Monday, March 12, 2018

Colombians lean to the right in Congressional elections (March 12, 2017)

Colombia's voters punished supporters of the FARC peace deal, and favored right-wing parties in congressional elections yesterday. Nonetheless, the vote was fragmented, with no one party obtaining more than 16 percent of the vote. No party won a majority in either chamber, reports Reuters.

President Juan Manuel Santos' party, the biggest in the outgoing Congress, passed to fifth place. Former President Álvaro Uribe's Centro Democrático party will be the biggest bloc in the Senate, reports the Associated Press. (El Tiempo has the complete breakdown of what the new Congress will look like.)

The fractured vote is indicative of deep polarization in Colombia for the New York Times.

Polling was more peaceful than usual, notes the BBC.

Support for the FARC even lower than predicted, though the former guerrilla group has 10 guaranteed spots in Congress as part of the peace deal reached in 2016. It's list for the Senate did not obtain more than 80,000 votes, about half what some experts predicted, reports La Silla Vacía.

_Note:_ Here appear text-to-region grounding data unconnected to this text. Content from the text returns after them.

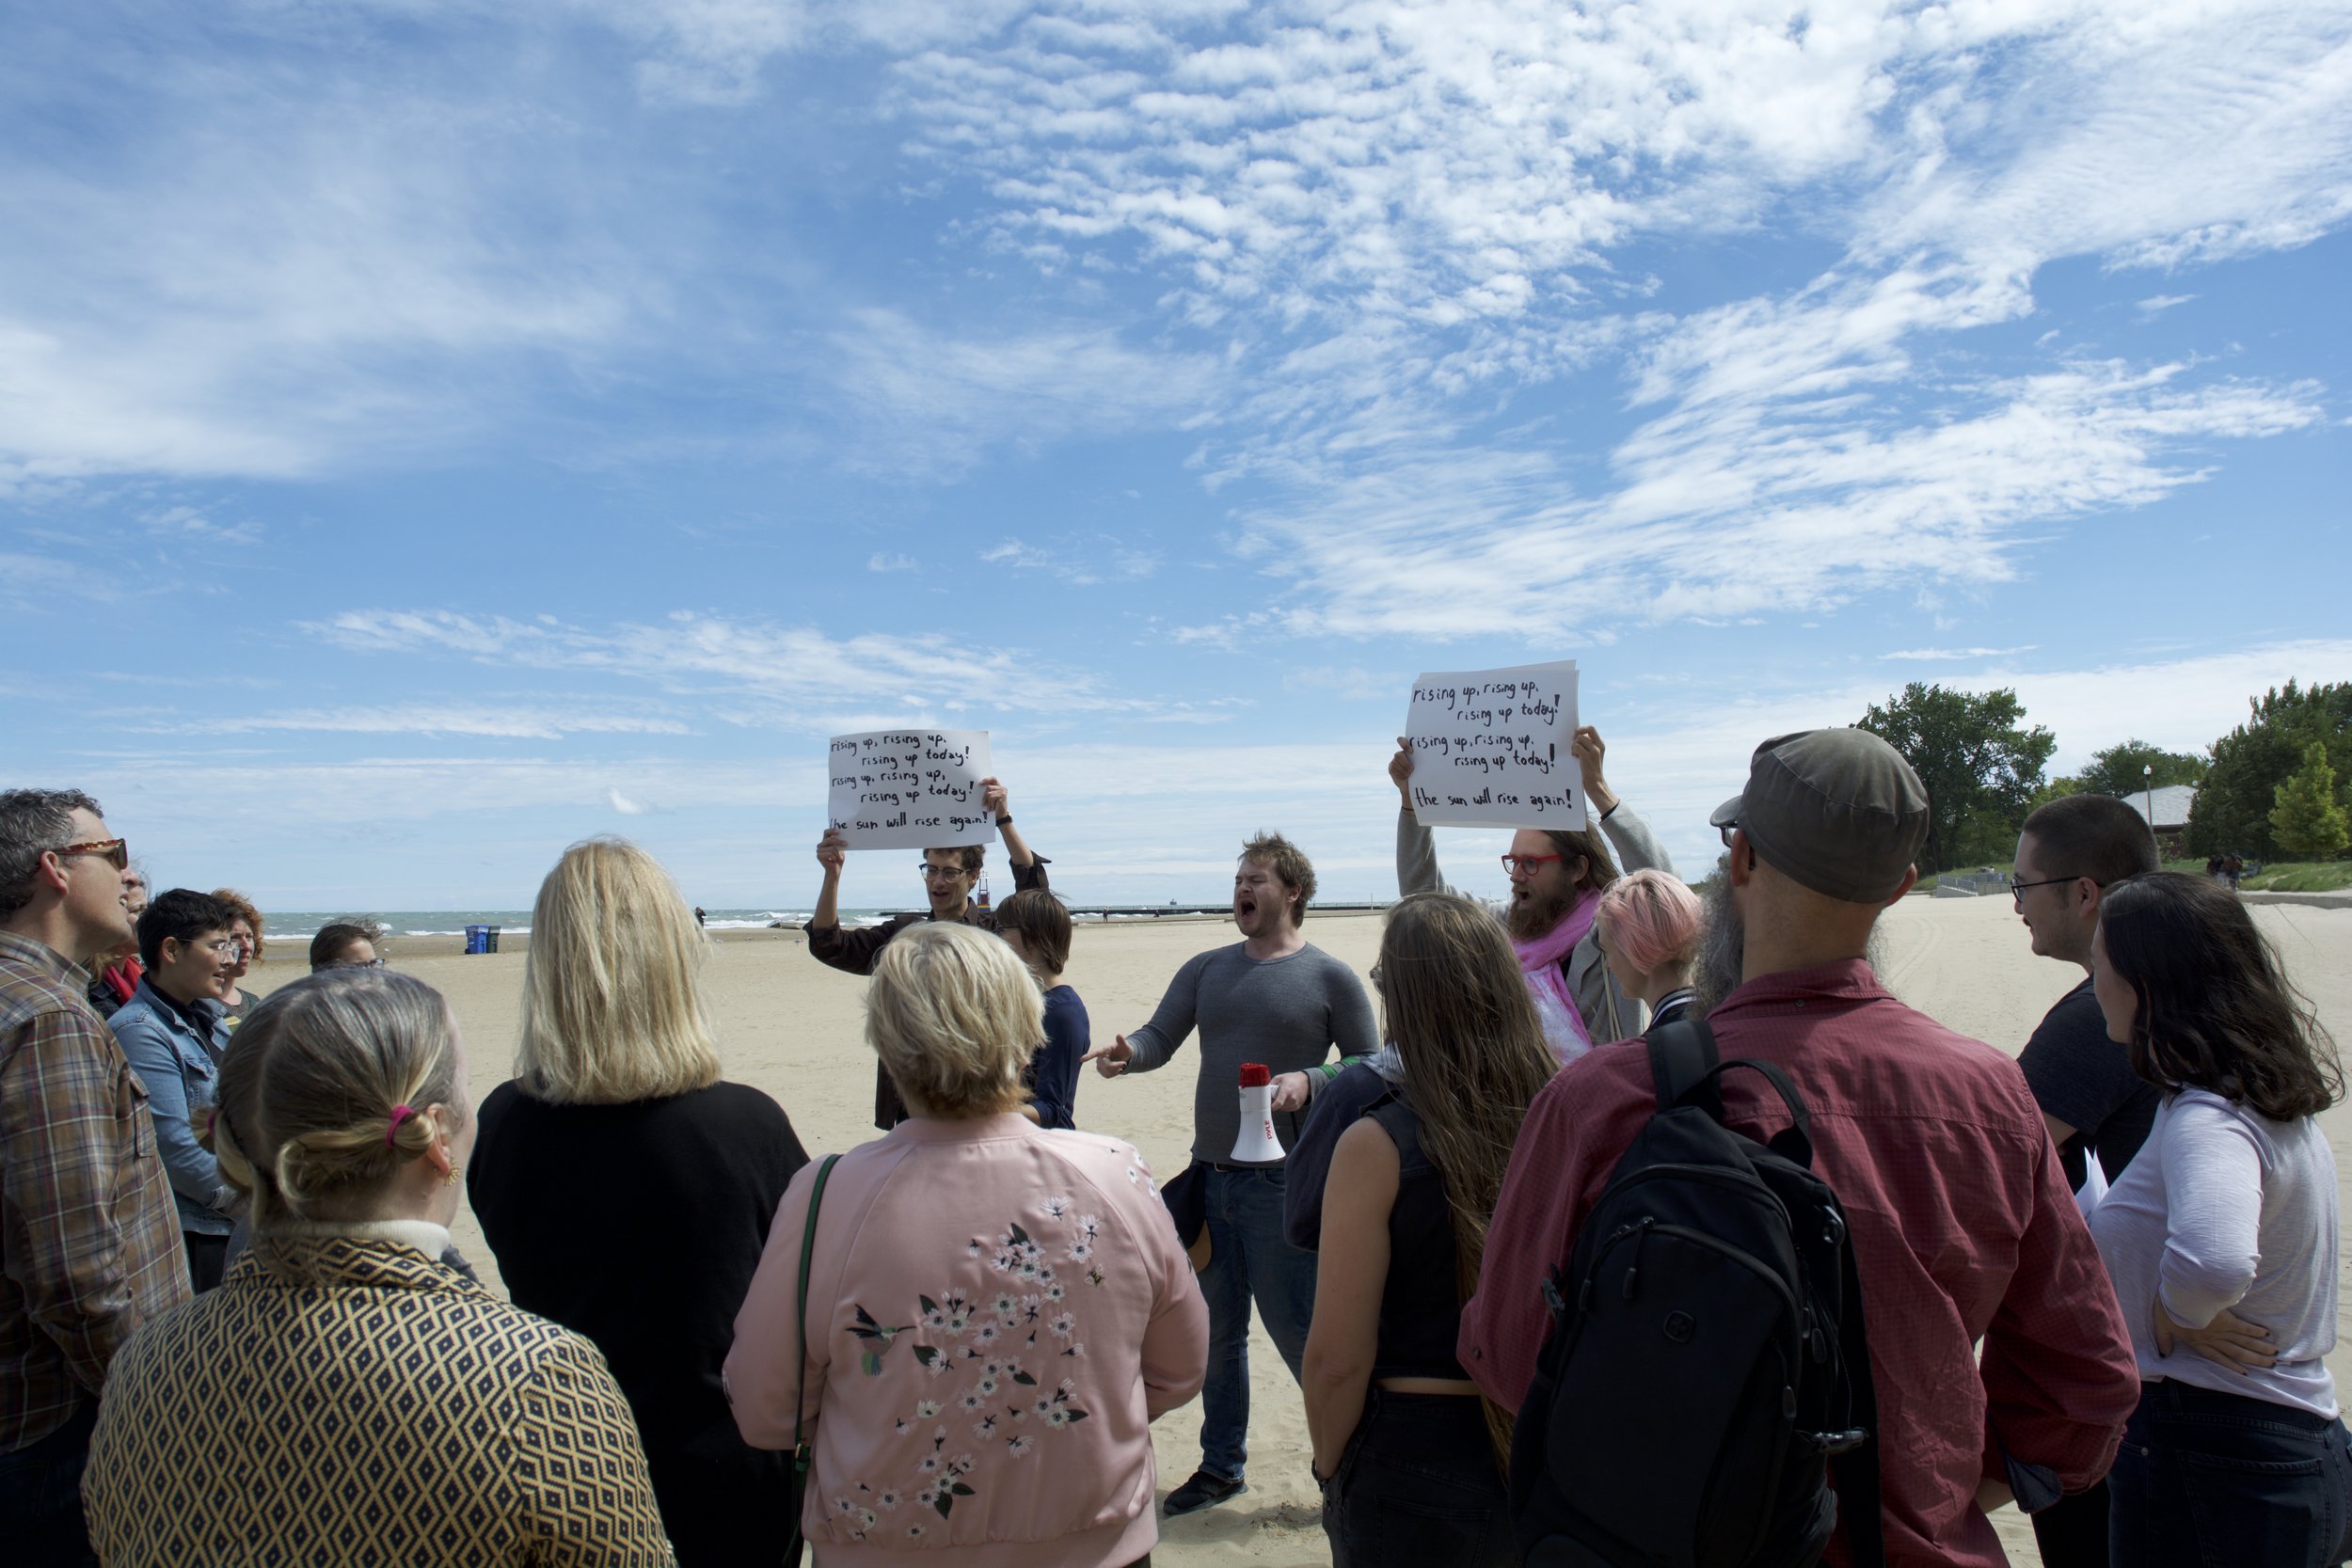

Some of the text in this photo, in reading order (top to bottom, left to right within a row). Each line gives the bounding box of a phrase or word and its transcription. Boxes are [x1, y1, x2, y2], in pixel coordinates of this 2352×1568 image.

[1412, 688, 1455, 710] rising
[1484, 683, 1516, 699] rising
[1457, 694, 1560, 727] rising up today!
[831, 740, 857, 756] rising
[883, 735, 920, 748] rising
[1409, 736, 1448, 755] rising
[1474, 734, 1513, 751] rising
[862, 746, 969, 769] rising up today!
[1454, 743, 1555, 774] rising up today!
[832, 776, 856, 789] rising
[881, 772, 918, 785] rising
[860, 782, 974, 805] rising up today!
[1415, 786, 1572, 812] the sun will rise again!
[856, 818, 878, 830] sun
[886, 812, 907, 827] will
[915, 816, 941, 826] rise
[950, 811, 988, 832] again!

Open primaries, held yesterday, indicate broad support for candidates campaigning against the peace deal. The three "no" candidates obtained about 5.5 million votes. The Centro Democrático's presidential candidate for May, Iván Duque, was the main winner, with about 4 million votes, 68 percent of the supporters of the "no," reports La Silla VacíaThe results mean he could in a second-round of presidential voting, and might win in a first round.  If no one wins an outright majority in the presidential vote in May there will be a run-off on June 17, explains the Financial Times.

Duque has promised to modify certain key parts of the peace accord, such as the ability of former FARC leaders to participate in politics, according to the AP.  Other provisions, such as incentives for coca cultivators to substitute illicit crops could also be in danger, reports the New York Times.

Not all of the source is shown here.